About this exercise:
A faithful copy of every entry is the goal; keep the images out of it.
--- Supplied entries ---
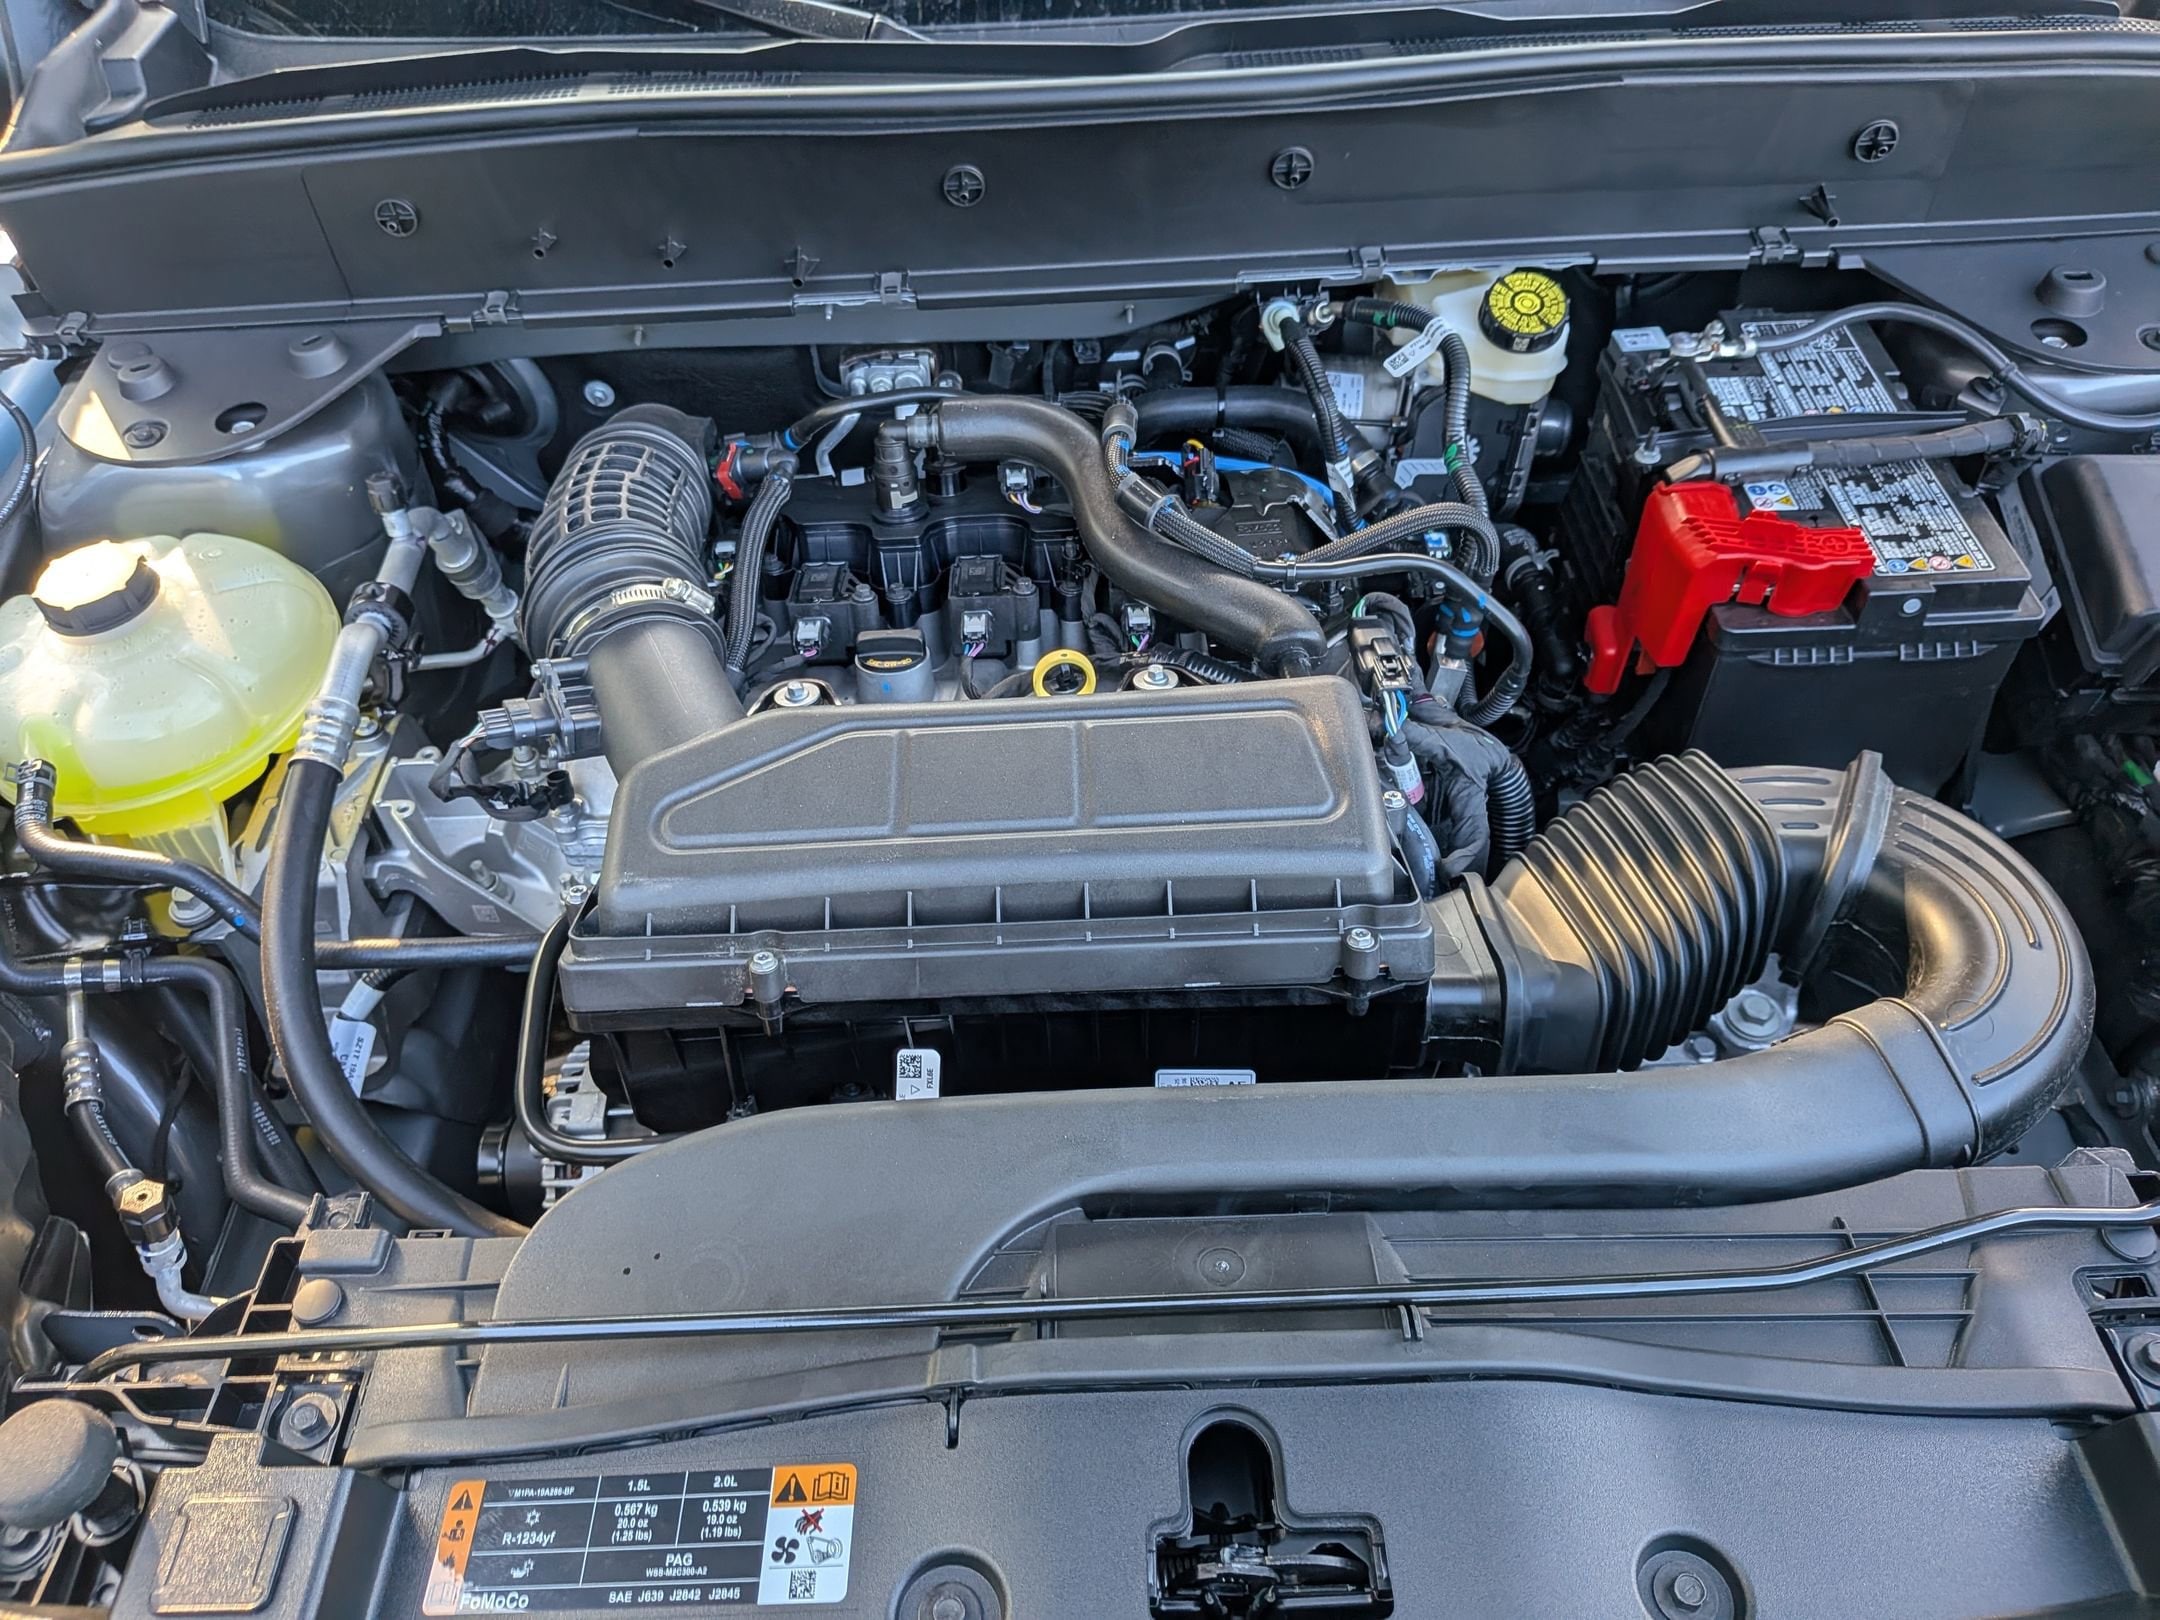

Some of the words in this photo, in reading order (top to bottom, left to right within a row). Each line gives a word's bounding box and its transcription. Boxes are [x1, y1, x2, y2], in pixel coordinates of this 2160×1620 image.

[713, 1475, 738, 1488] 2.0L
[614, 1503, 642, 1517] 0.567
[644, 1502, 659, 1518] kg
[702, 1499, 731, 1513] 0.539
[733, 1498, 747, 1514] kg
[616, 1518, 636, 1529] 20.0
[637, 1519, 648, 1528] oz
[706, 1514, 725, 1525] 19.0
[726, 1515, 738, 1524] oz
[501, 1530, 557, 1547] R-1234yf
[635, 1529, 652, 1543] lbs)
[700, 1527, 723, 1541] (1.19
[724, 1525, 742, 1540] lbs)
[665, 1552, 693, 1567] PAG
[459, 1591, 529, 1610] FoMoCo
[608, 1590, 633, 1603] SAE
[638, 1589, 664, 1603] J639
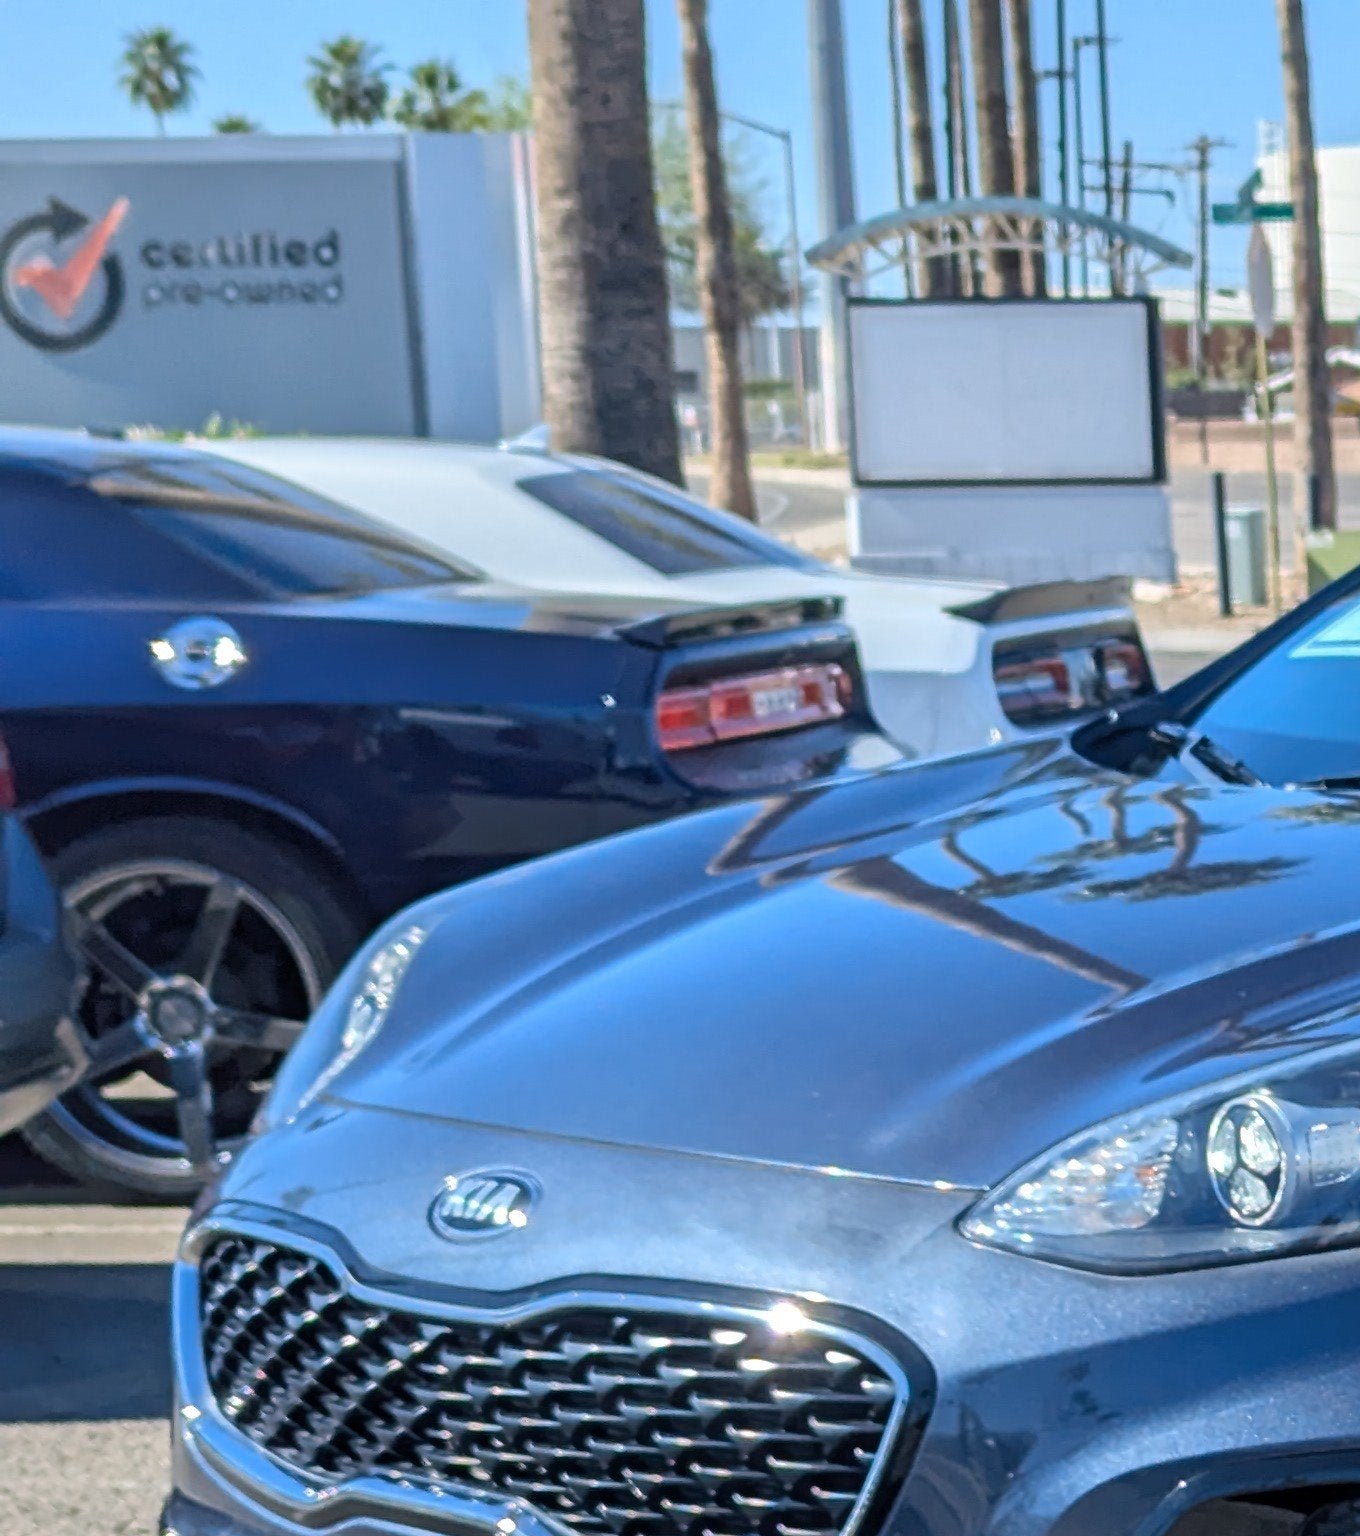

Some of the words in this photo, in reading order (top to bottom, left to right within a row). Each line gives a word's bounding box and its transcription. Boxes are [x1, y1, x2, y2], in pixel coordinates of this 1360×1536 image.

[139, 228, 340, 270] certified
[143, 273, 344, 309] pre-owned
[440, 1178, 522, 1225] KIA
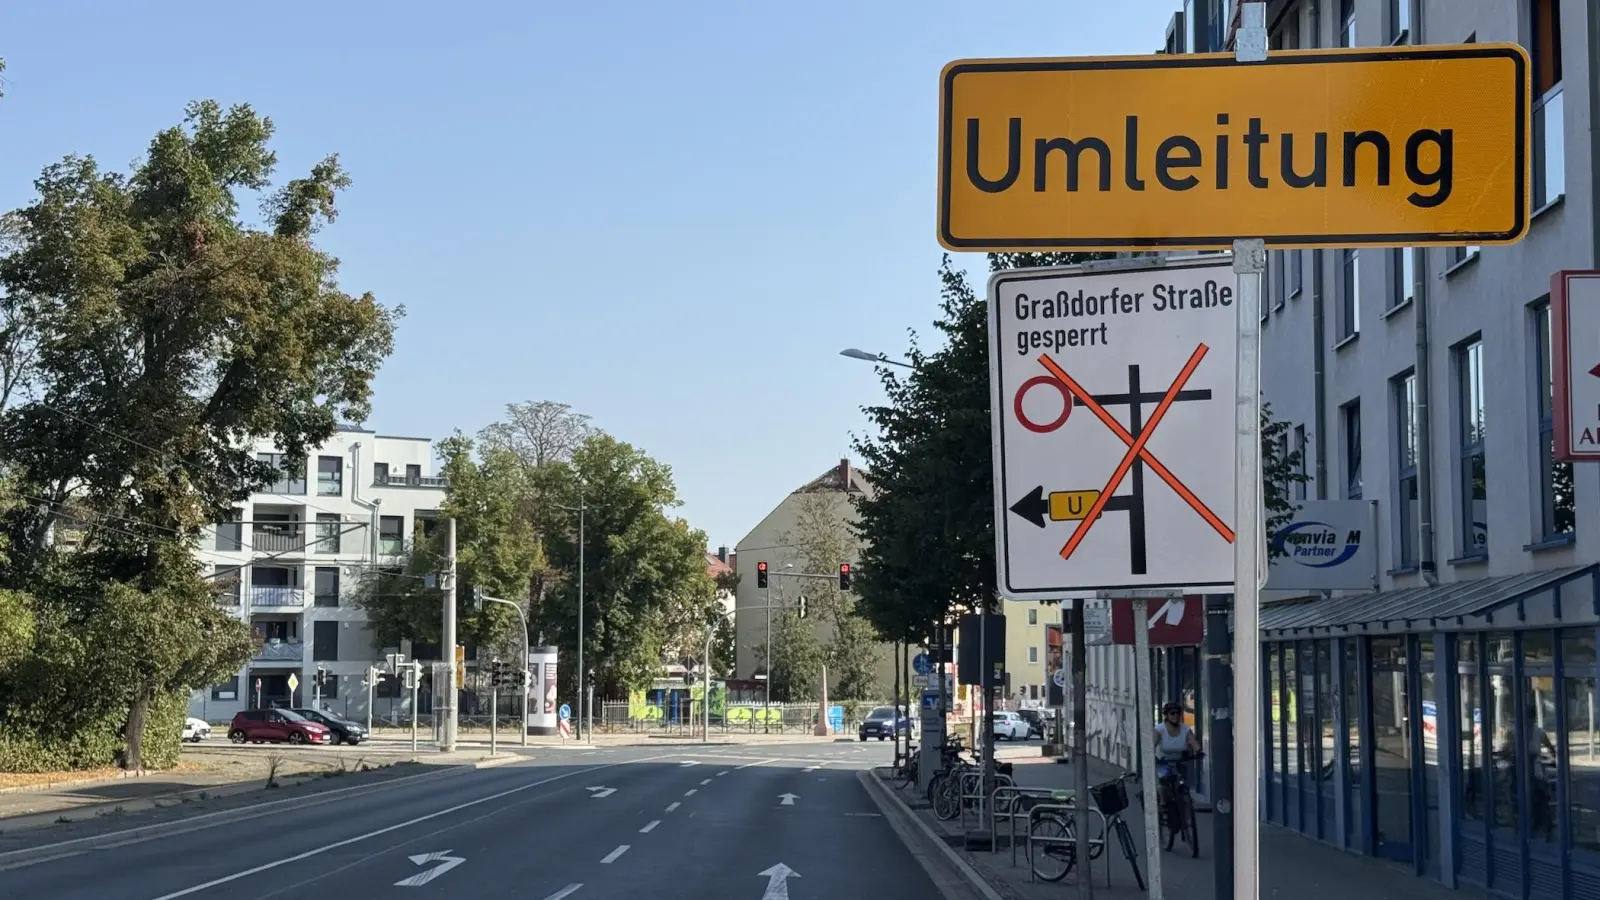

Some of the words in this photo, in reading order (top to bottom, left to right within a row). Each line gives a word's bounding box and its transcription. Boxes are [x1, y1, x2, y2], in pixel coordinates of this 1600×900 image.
---
Exercise output:
Some of the words in this photo, in reading order (top to bottom, left to right within a row). Each line gives a word's bounding box and its transcription. Boxes are [x1, y1, x2, y2], in pixel coordinates of this 2160×1620 image.

[713, 1475, 738, 1488] 2.0L
[614, 1503, 642, 1517] 0.567
[644, 1502, 659, 1518] kg
[702, 1499, 731, 1513] 0.539
[733, 1498, 747, 1514] kg
[616, 1518, 636, 1529] 20.0
[637, 1519, 648, 1528] oz
[706, 1514, 725, 1525] 19.0
[726, 1515, 738, 1524] oz
[501, 1530, 557, 1547] R-1234yf
[635, 1529, 652, 1543] lbs)
[700, 1527, 723, 1541] (1.19
[724, 1525, 742, 1540] lbs)
[665, 1552, 693, 1567] PAG
[459, 1591, 529, 1610] FoMoCo
[608, 1590, 633, 1603] SAE
[638, 1589, 664, 1603] J639

Some of the words in this photo, in reading order (top to bottom, left to right within a row). Each line gives a word's bounding box and its transcription. Boxes are [x1, y1, x2, y2], in pixel coordinates of this 1360×1536 image.

[139, 228, 340, 270] certified
[143, 273, 344, 309] pre-owned
[440, 1178, 522, 1225] KIA

Some of the words in this photo, in reading order (top to bottom, left to right within a row). Each line gives a word's bounding box and its transcription. Boxes are [x1, y1, x2, y2], in pixel coordinates of this 1600×900 image.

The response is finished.